Scorecard Design and Feedback
The balanced scorecard is ultimately about choosing measures and targets. Its various design methods are meant to help identify these measures and targets, usually by a process of abstraction that narrows the search space for a measure. For instance, a company can find a measure to inform about a particular objective within the Customer perspective rather than find a measure for customers in general. This gives the scorecard more practical value.
Useful measurement feedback from a balanced scorecard is also essential. This means that careful consideration is required when interpreting applicable measurements. For example, if managers decide that a balanced scorecard should include performance measurements from the perspective of the “Customer”, then they must define particular objectives of success, such as customer retention longevity, repeat sales, or customer willingness to recommend a product or service. These concrete objectives allow the actual performance data to resonate and generate meaningful results.

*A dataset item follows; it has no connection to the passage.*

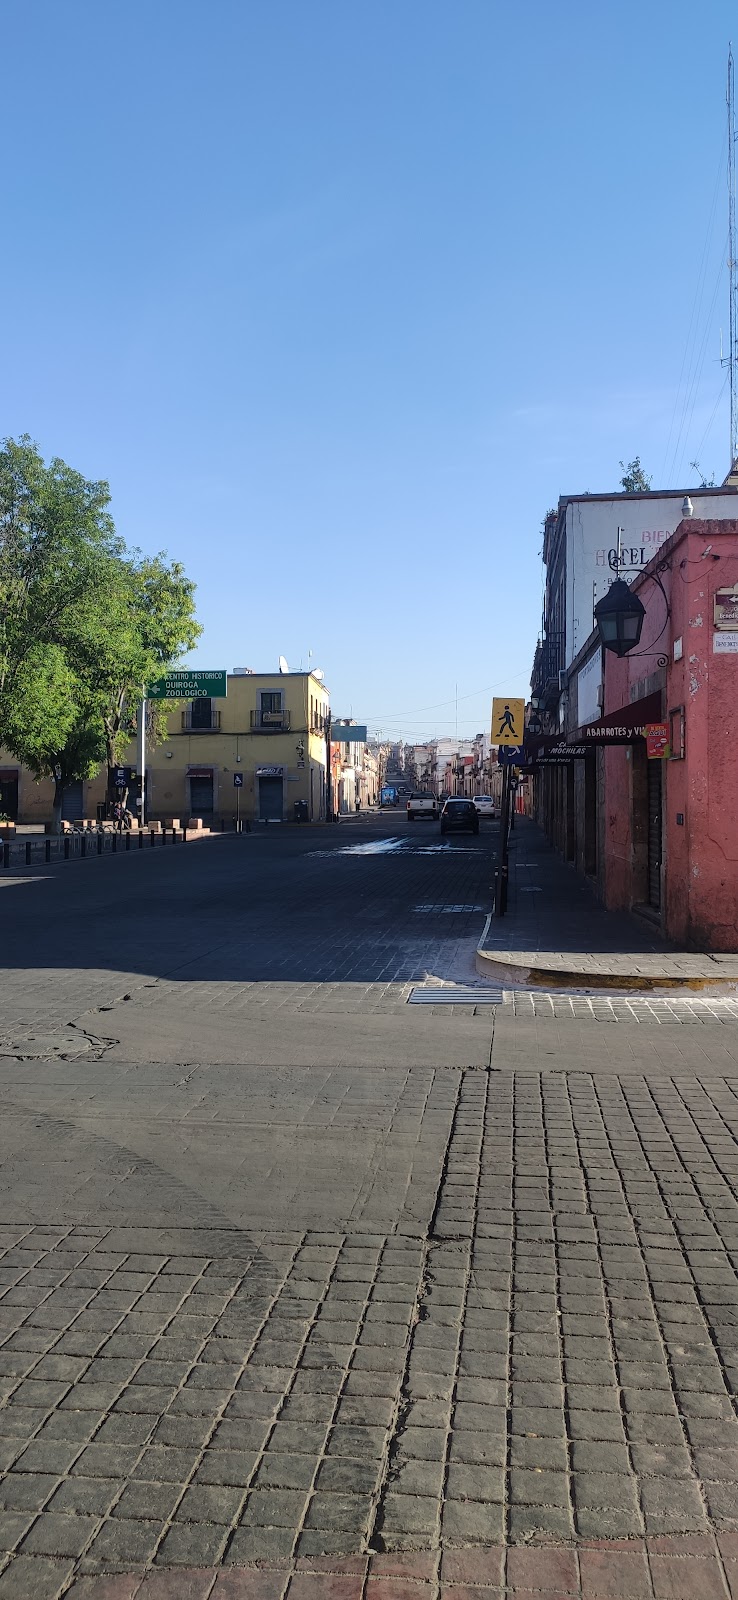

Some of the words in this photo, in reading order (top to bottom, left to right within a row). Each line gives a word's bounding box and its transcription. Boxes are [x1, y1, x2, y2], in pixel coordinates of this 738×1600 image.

Gap analysis is a tool that helps companies compare actual performance with potential performance. At its core are two questions: “Where are we?” and “Where do we want to be?”. If a company or organization does not make the best use of existing resources, or foregoes investment in capital or technology, it may produce or perform below its potential. Gap analysis can be conducted from the following perspectives:
- Business direction
- Business processes
- Information technology
Gap analysis lends itself to the measurement aspect of the balanced scorecard, ensuring that maximum value may be derived from the exercise. It enables management to look carefully at each objective through the lens of the four perspectives listed above and identify efficacy or room for improvement. Coupled with well-designed and well-thought out dimensions for the scorecard itself, gap analysis is very useful in assessing organizational health.
It is important to note that there are no hard-and-fast rules about defining measures and targets within a balanced scorecard. For example, financial measures can be defined as discrete values in the context of accounting ratios and continuous values in the context of dollar figures. What is important is that the data collected should be appropriately analyzed within the context of the targets and performance goals of the organization.